***** Entries supplied *****

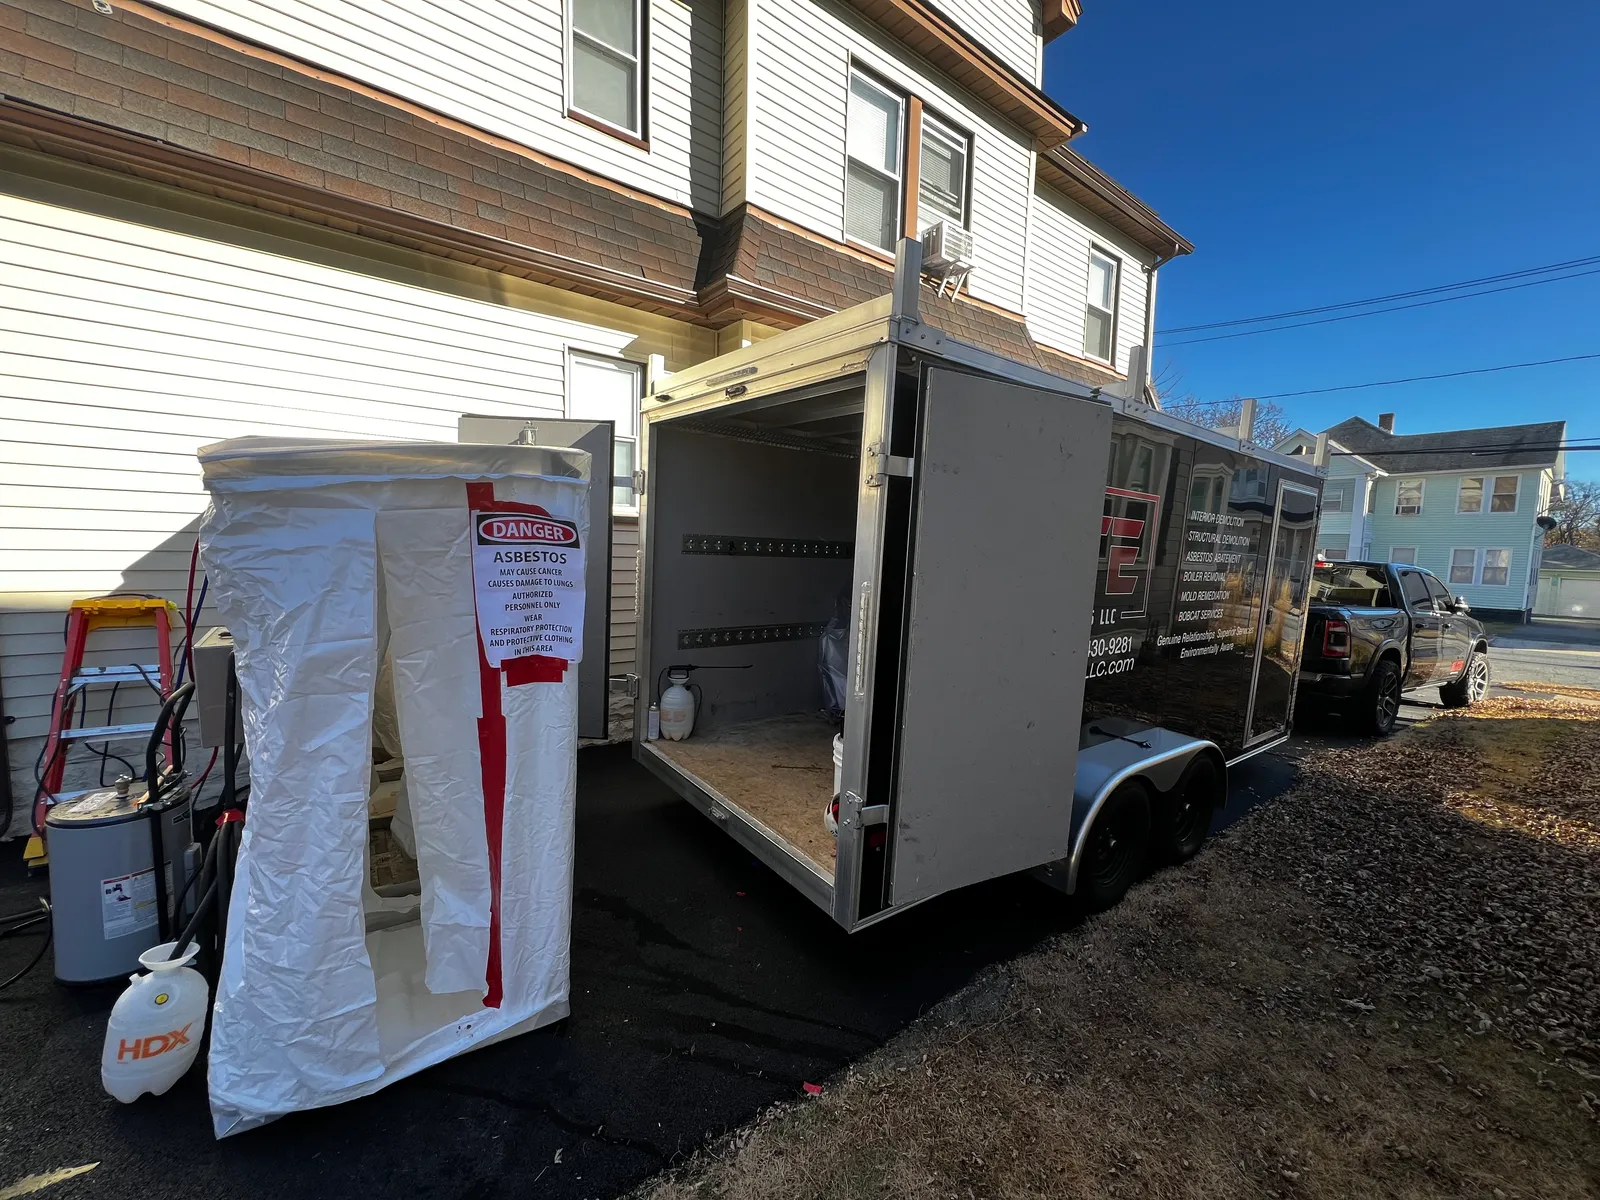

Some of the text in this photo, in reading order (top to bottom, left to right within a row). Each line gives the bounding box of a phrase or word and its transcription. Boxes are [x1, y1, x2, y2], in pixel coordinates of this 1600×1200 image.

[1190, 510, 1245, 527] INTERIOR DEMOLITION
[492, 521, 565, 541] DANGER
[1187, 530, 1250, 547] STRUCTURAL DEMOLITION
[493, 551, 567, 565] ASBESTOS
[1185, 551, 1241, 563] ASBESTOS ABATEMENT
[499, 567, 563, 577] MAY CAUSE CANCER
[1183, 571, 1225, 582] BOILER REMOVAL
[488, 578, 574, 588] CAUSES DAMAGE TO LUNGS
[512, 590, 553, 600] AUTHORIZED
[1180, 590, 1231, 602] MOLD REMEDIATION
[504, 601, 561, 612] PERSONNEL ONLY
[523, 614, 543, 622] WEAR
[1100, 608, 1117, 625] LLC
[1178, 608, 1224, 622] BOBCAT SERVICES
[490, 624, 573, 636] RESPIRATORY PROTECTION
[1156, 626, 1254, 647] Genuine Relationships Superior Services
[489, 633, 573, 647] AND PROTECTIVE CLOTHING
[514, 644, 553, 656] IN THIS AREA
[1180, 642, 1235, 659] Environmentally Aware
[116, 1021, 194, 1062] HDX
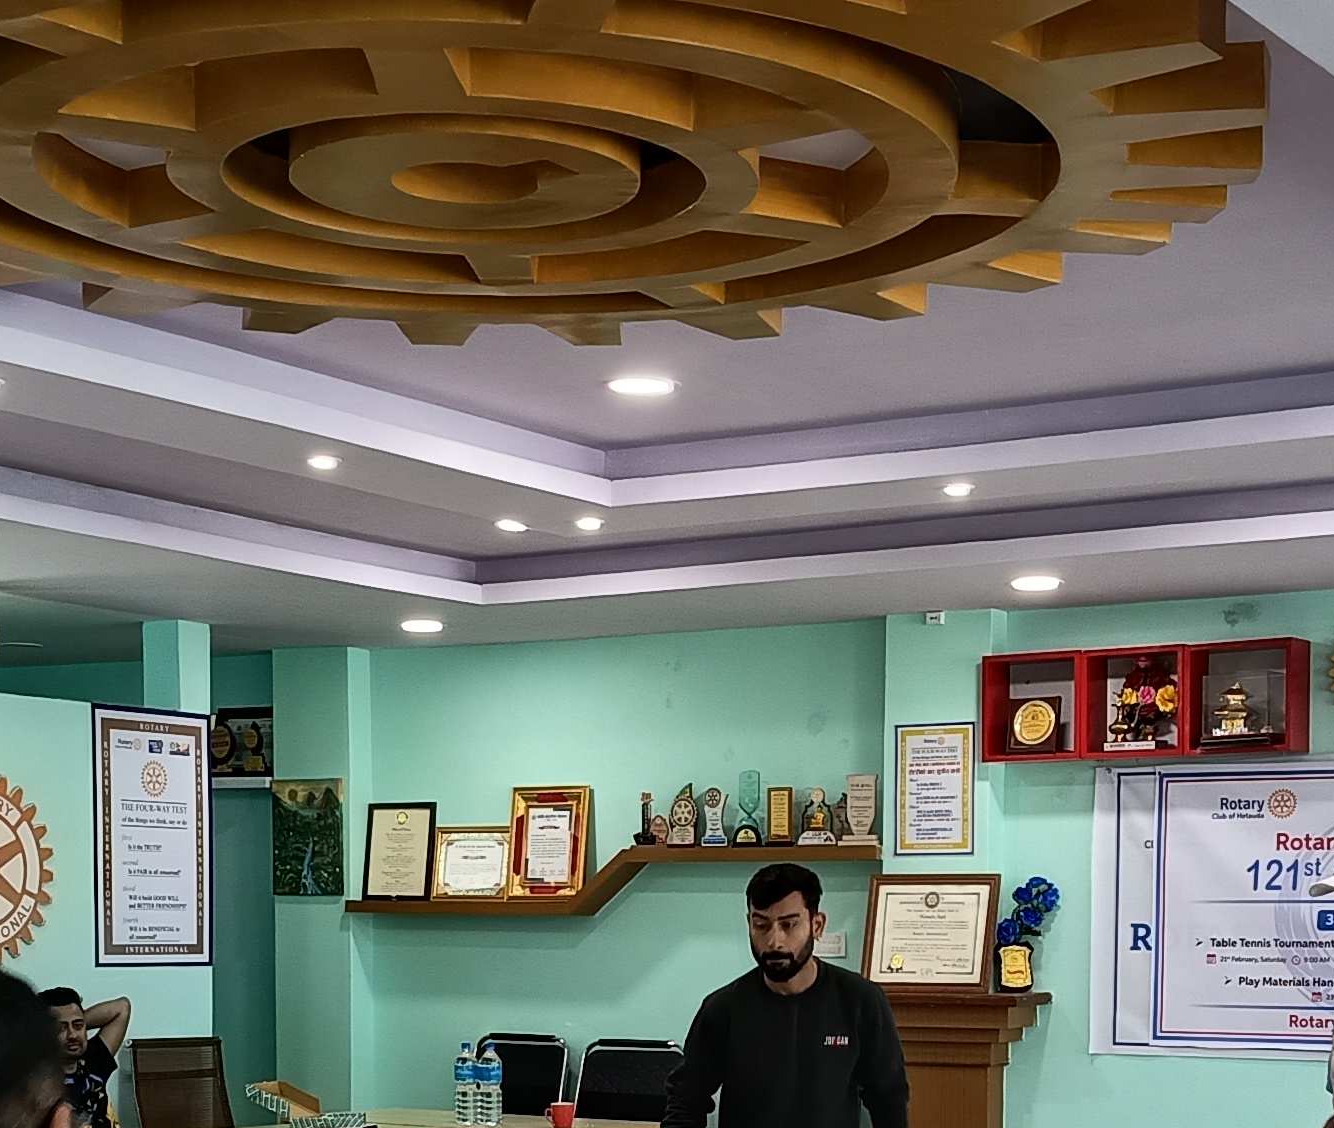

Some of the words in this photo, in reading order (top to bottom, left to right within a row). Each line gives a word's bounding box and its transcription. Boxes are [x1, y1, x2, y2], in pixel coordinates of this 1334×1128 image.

*****

Task prompt >>
Would you return the entries verbatim, minus any images?

Finished exercise >>
Some of the text in this photo, in reading order (top to bottom, left to right within a row). Each line gives the bounding box of a phrase or word and its transcription. Boxes are [x1, y1, x2, y2], in pixel coordinates of this 1600×1200 image.

[1190, 510, 1245, 527] INTERIOR DEMOLITION
[492, 521, 565, 541] DANGER
[1187, 530, 1250, 547] STRUCTURAL DEMOLITION
[493, 551, 567, 565] ASBESTOS
[1185, 551, 1241, 563] ASBESTOS ABATEMENT
[499, 567, 563, 577] MAY CAUSE CANCER
[1183, 571, 1225, 582] BOILER REMOVAL
[488, 578, 574, 588] CAUSES DAMAGE TO LUNGS
[512, 590, 553, 600] AUTHORIZED
[1180, 590, 1231, 602] MOLD REMEDIATION
[504, 601, 561, 612] PERSONNEL ONLY
[523, 614, 543, 622] WEAR
[1100, 608, 1117, 625] LLC
[1178, 608, 1224, 622] BOBCAT SERVICES
[490, 624, 573, 636] RESPIRATORY PROTECTION
[1156, 626, 1254, 647] Genuine Relationships Superior Services
[489, 633, 573, 647] AND PROTECTIVE CLOTHING
[514, 644, 553, 656] IN THIS AREA
[1180, 642, 1235, 659] Environmentally Aware
[116, 1021, 194, 1062] HDX

Some of the words in this photo, in reading order (top to bottom, left to right within a row). Each line gives a word's bounding box and its transcription. Boxes are [x1, y1, x2, y2], in pixel coordinates of this 1334×1128 image.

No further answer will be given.